Answer. Answer: He was a French artist famous for a series of four prints prepared in 1848 that visualised the dream of a world consisting of 'Democratic and Social Republics'. The first print of the painting shows the people of Europe and America marching towards the Statue of Liberty and paying homage to it.

How do you pronounce Degas in English? ›

How to Pronounce Edgar Degas? (CORRECTLY) - YouTube

How much is a Degas painting worth? ›

Edgar Degas's work has been offered at auction multiple times, with realized prices ranging from 4 USD to 41,610,000 USD, depending on the size and medium of the artwork.

Who painted the scream? ›

The National Museum in Oslo holds one of the world's most important collections of paintings by Edvard Munch, including such iconic works as "The Scream". These works are available for the public in The National Museum.

What is Edgar Degas most famous piece? ›

#1 The Absinthe Drinker

The most famous painting by Edgar Degas is a representation of the increasing social isolation in Paris during its stage of rapid growth. It depicts a woman staring dully with a glass of Absinthe in front of her.

What medium does Edgar Degas use? ›

Edgar Degas

Who inspired Edgar Degas? ›

Edgar Degas

Why is the principle of variety used? ›

Variety is a principle added by the Artist to create interest by using art elements like Shapes, Color or Lines, etc., by placing them at a different place, position, or angle in an Artwork. If a particular theme is the basis of the artwork adding variety to the composition may be limited.

Why did Edgar Degas use pastels? ›

The monotype established the basic compositional structure; by adding pastel, as in Dancer Onstage with a Bouquet (c. 1876), Degas enhanced the expressive qualities of the image. The pastel accentuates the way the light from the footlights illuminates the dancer's face and transforms it into a mask-like presence.

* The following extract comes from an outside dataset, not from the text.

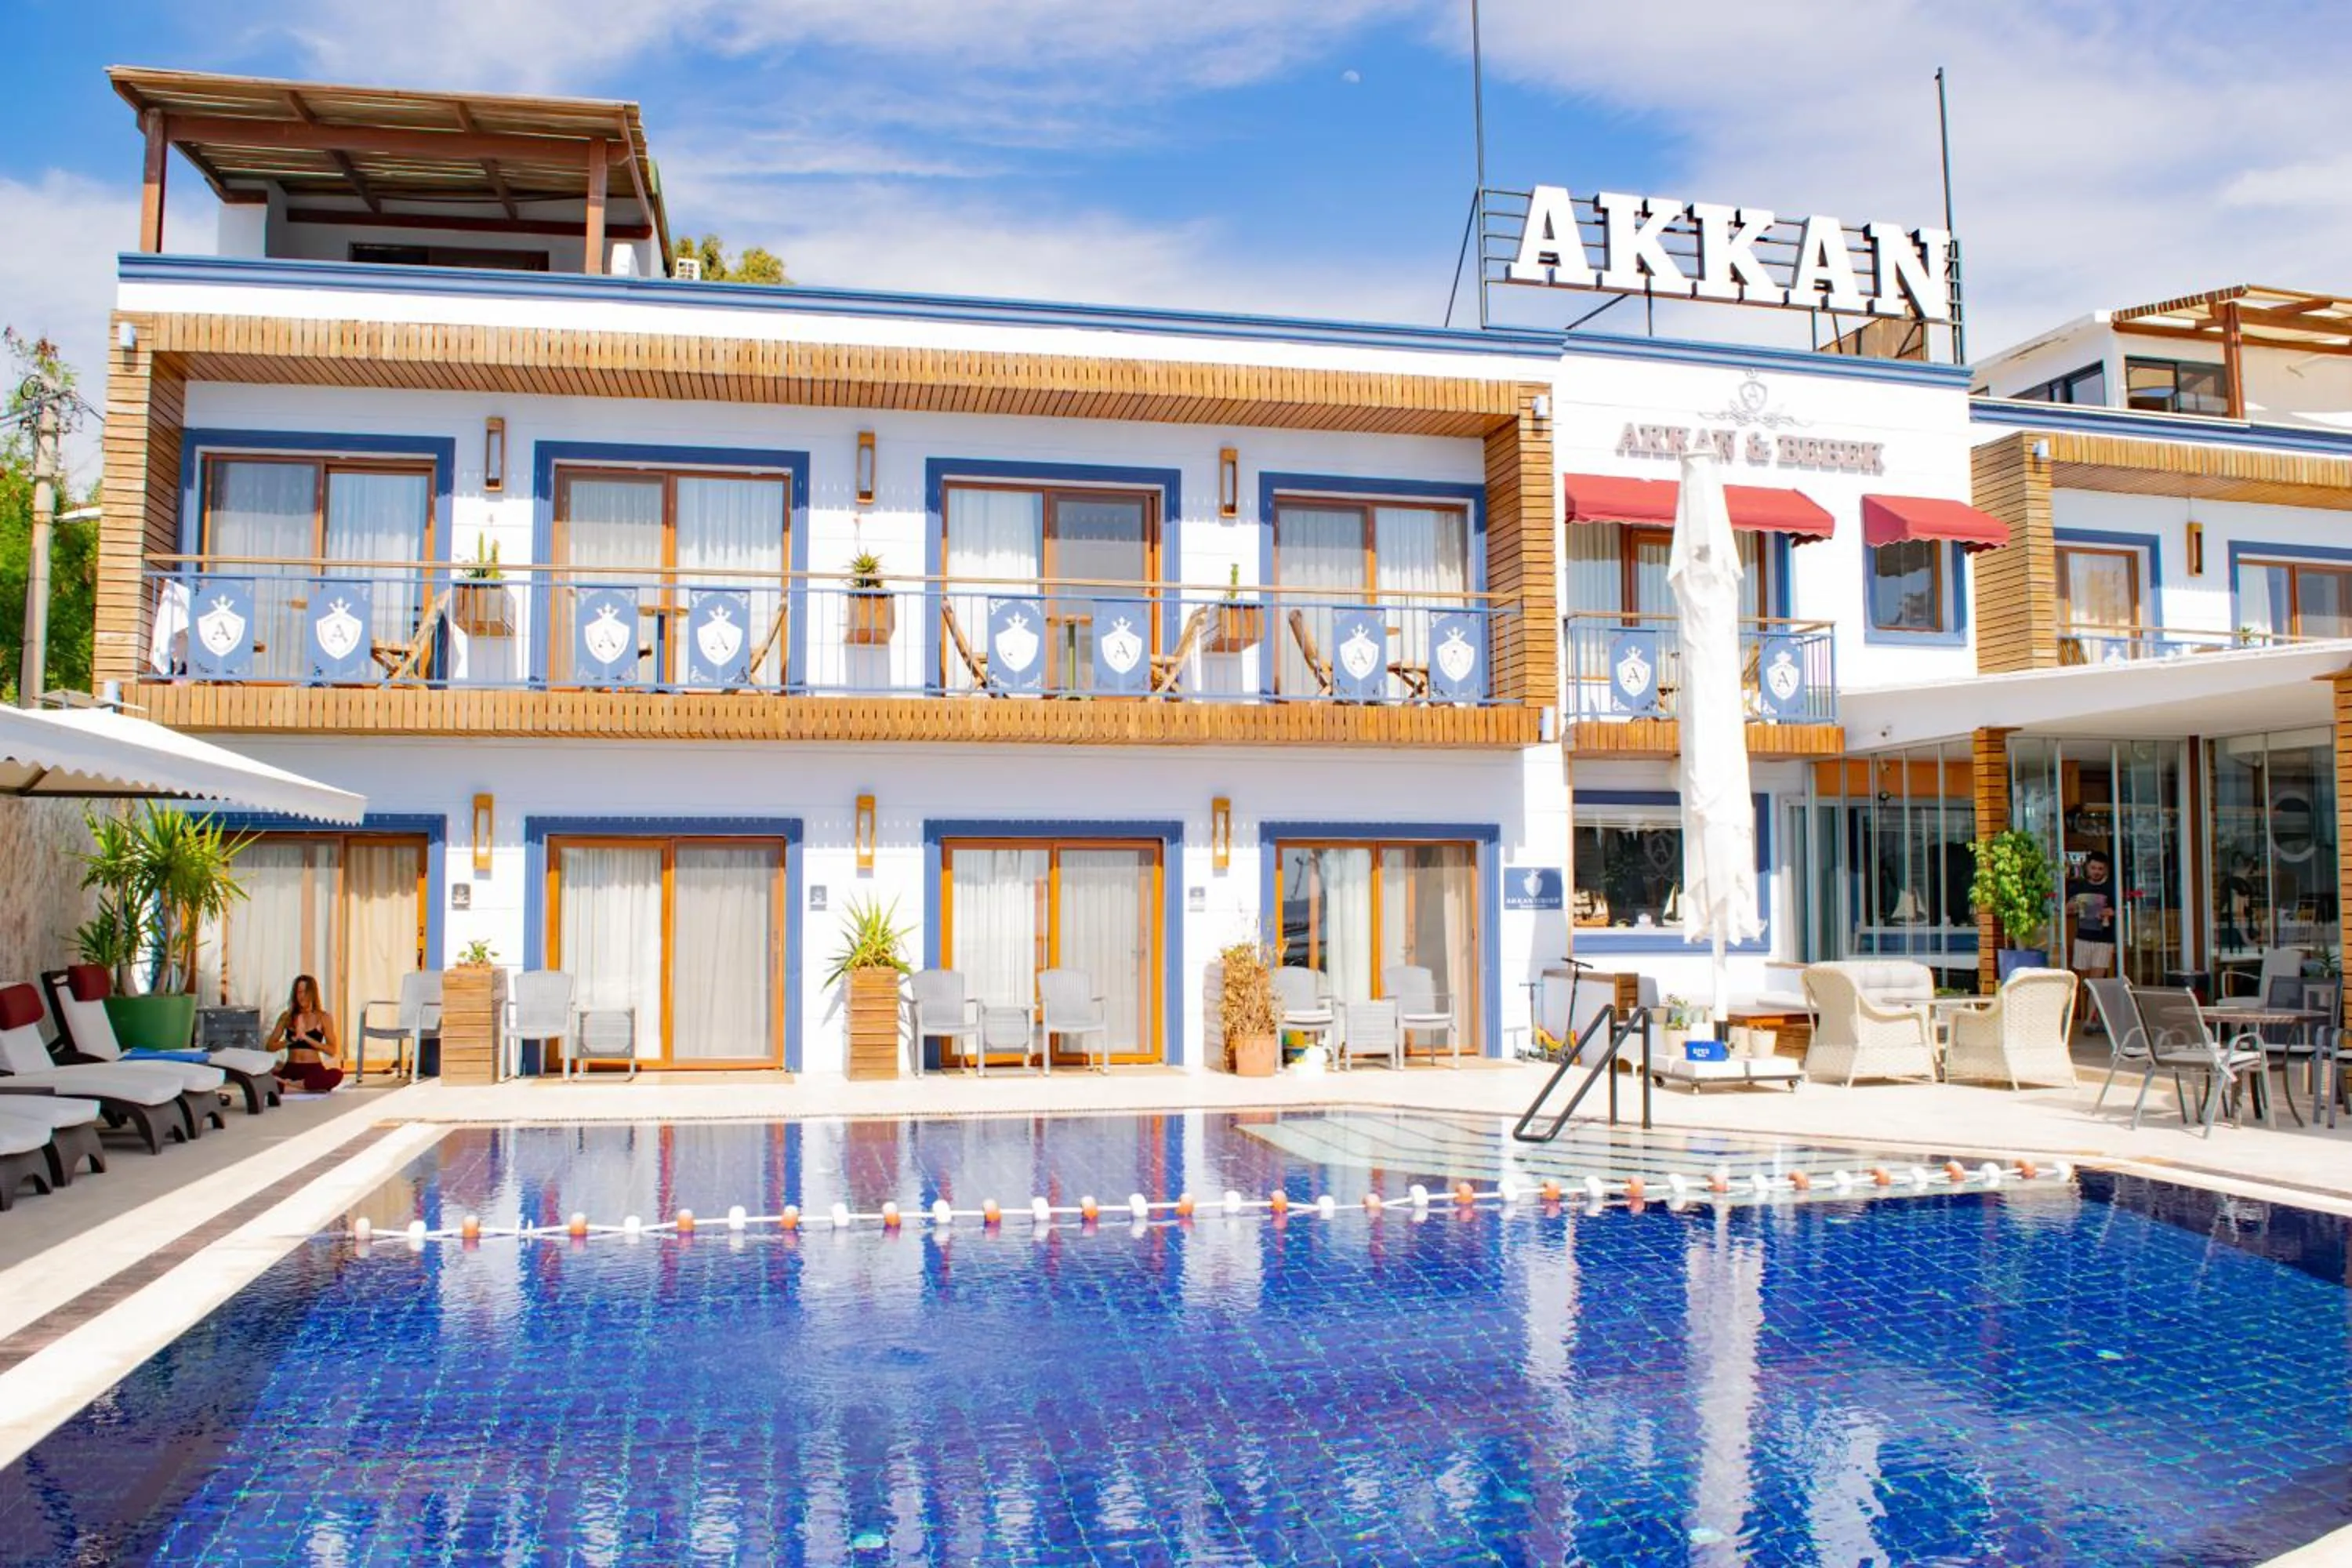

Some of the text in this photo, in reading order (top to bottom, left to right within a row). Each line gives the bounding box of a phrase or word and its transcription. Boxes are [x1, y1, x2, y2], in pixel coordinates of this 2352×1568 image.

What type of pastels did Degas use? ›

Degas, one of the founders of the Impressionist movement, was a faithful customer, using Roche pastels in a famous series of ballet dancers.

What was the theme of the painting? ›

What is Theme in Art? The definition of theme in art is the message that the artist wishes to convey through the artwork. Theme is not simply the subject matter of the piece of art; rather, it is the abstract idea being portrayed by both the artist's design and the subject matter that is created.

What was the main aim of French Revolution? ›

The French Revolution was a period of major social upheaval that began in 1787 and ended in 1799. It sought to completely change the relationship between the rulers and those they governed and to redefine the nature of political power.

Who was Frederic Sorrieu Class 10 very short answer? ›

Answer: Frederic Sorrieu was a French painter and lithographer who was born in 1824. He studied at the Ecole des Beaux-Arts in Paris, and his work includes engraver, printmaker, and draughtsman. In 1848, he created a four-print series depicting his vision of a world populated by democratic and socialist republics.